Once this is understood, the question to be answered is not “whether to treat the transfer as outbound,” but “by which pathway it is to be made.”
II. The pathway turns on the number of data subjects, the sensitivity of the information, and whether important data is involved
The common impression of outbound transfer stops at “a security assessment is required.” That was the position prior to March 2024. Following the entry into force of the Provisions on Promoting and Regulating Cross-Border Data Flows issued by the Cyberspace Administration of China, the triggering thresholds were substantially raised and tiered by volume4. To determine the applicable pathway, three elements must first be examined: the number of recipients, whether sensitive personal information is involved, and whether important data is involved.
By tier (for a processor that is not a critical information infrastructure operator, that does not involve important data, and counting cumulatively from 1 January of the year): fewer than 100,000 individuals of ordinary personal information are exempt from all three procedures — security assessment, standard contract and certification; 100,000 to fewer than 1,000,000 individuals, or fewer than 10,000 individuals of sensitive personal information, call for a standard contract or protection certification at the processor’s election — the two being alternatives, not a sequence of contract first and certification afterwards; 1,000,000 individuals or more, or 10,000 individuals or more of sensitive personal information, or any involvement of important data, or where the processor is itself a critical information infrastructure operator, require a declared security assessment.
The three qualifiers are indispensable: “cumulatively from 1 January,” “whether sensitive,” and “whether important data.” Omit one, and the conclusion may fall into the wrong tier. Important data warrants particular care: once involved, a security assessment is required regardless of volume, with no volume-based exemption.
What the tier determines is the pathway. Beyond the pathway, two obligations remain and are not waived by a lower tier: separate notice to, and separate consent from, the individual5, and a prior personal information protection impact assessment6. One point is frequently misunderstood: separate consent is required only where consent is itself the lawful basis for processing the information; where the basis relied upon is, for example, “necessity for the conclusion or performance of a contract” or another lawful ground, the transfer need not be predicated on separate consent. To treat “every outbound transfer requires separate consent” as an inviolable rule is to oversimplify.
III. What the Greater Bay Area standard contract offers is not an exemption but a shorter route, subject to three constraints
Where the transfer takes place within the Guangdong–Hong Kong–Macao Greater Bay Area, a more convenient channel is available. At the end of 2023, the Cyberspace Administration of China and the Innovation, Technology and Industry Bureau of the Government of the Hong Kong SAR jointly issued the Standard Contract for the Cross-Border Flow of Personal Information within the Greater Bay Area (Mainland, Hong Kong)7. Its most practical benefit is that it sets no threshold as to the volume or sensitivity of the personal information transferred: a situation that would otherwise require a security assessment for exceeding the thresholds may, within the GBA framework, instead proceed by the lighter standard-contract route.
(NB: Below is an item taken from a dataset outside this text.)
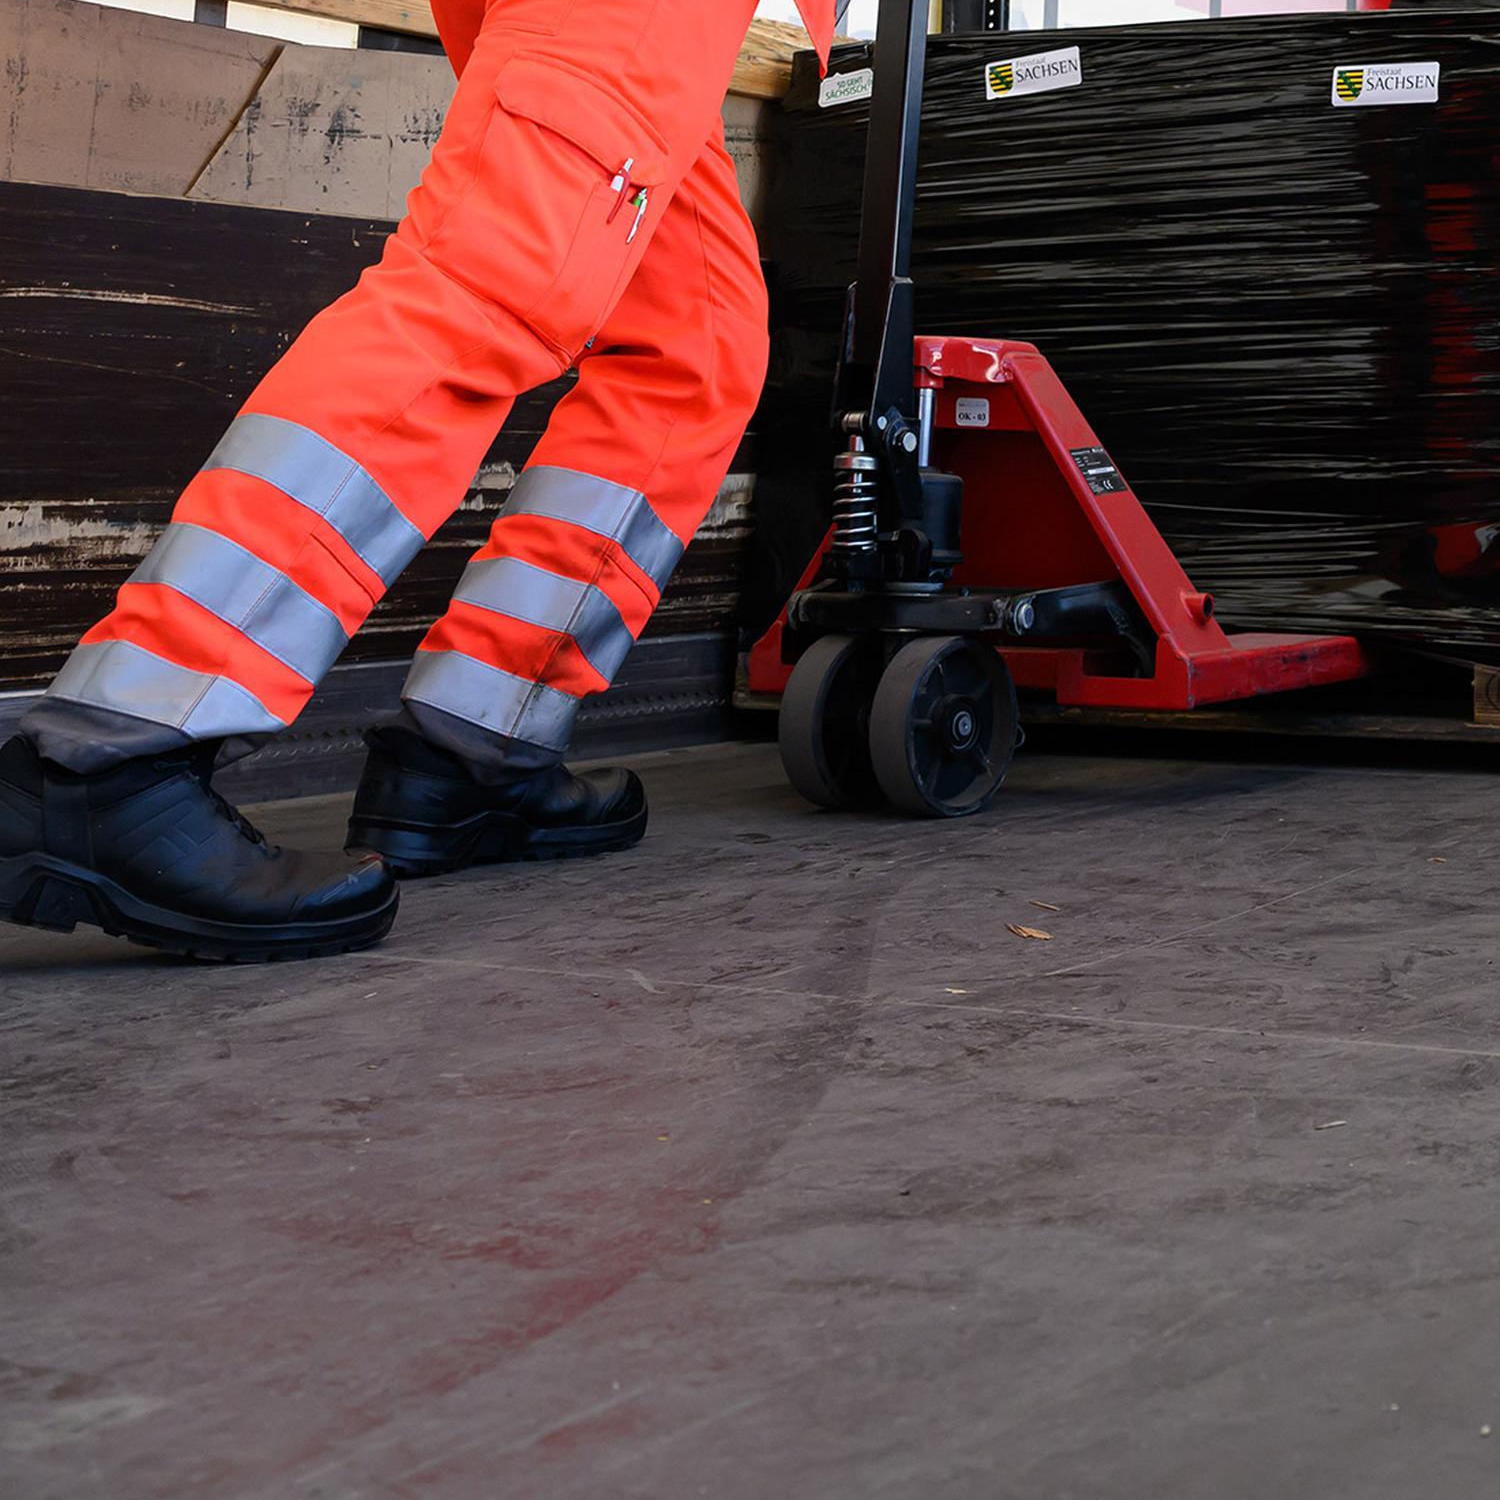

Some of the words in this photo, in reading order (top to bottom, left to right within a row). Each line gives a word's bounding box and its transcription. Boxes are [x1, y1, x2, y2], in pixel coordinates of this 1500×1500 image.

This shorter route, however, is subject to three constraints, and one should not be too quick to celebrate. The first is territorial: on the mainland side it is confined to the nine mainland GBA cities, and the recipient is confined to Hong Kong. The second concerns the type of data: important data is excluded and remains subject to the stricter rules. The third concerns the obligations: what is simplified is the content and route of the assessment, not the obligations themselves — an impact assessment must still be carried out, and the standard contract must still be filed.
It should also be stated candidly that the legal status of this facilitation arrangement is not free from academic debate: what it relaxes are thresholds set by departmental regulation, and the question of “a lower-ranking rule relaxing a higher-ranking one” has not been entirely dispelled. In practice it is the prevailing approach; but when advising a client this background should be noted, rather than treated as a fail-safe shortcut.
IV. Once in Hong Kong the data is subject to Hong Kong law; although section 33 is not in force, obligations remain
Once the data enters Hong Kong, it is subject to the Personal Data (Privacy) Ordinance. One contrast deserves specific mention: section 33 of the Ordinance, which restricts the transfer of personal data to places outside Hong Kong, has never come into operation since its enactment in the 1990s8. In other words, as to “data being further transferred out of Hong Kong,” the Hong Kong side has, conversely, no mandatory statutory transfer control.
Yet “no dedicated transfer control” does not mean “no constraint.” What in fact operates are the data protection principles, and in particular the limitation on the purpose of use: a new purpose going beyond that for which the data was collected requires the further express consent of the data subject; the Privacy Commissioner for Personal Data has likewise issued recommended model contractual clauses for cross-border transfers for organisations to adopt, though these are advisory rather than mandatory9. In 2021, Hong Kong further criminalised “doxxing,” giving personal data protection criminal teeth.
For a mainland enterprise, this means that completing the outbound procedures on the mainland side does not entail the absence of obligations on the Hong Kong side. How the Hong Kong recipient uses the data, for what purposes, and whether it onward-transfers the data, constitute a separate set of rules to be satisfied at the same time.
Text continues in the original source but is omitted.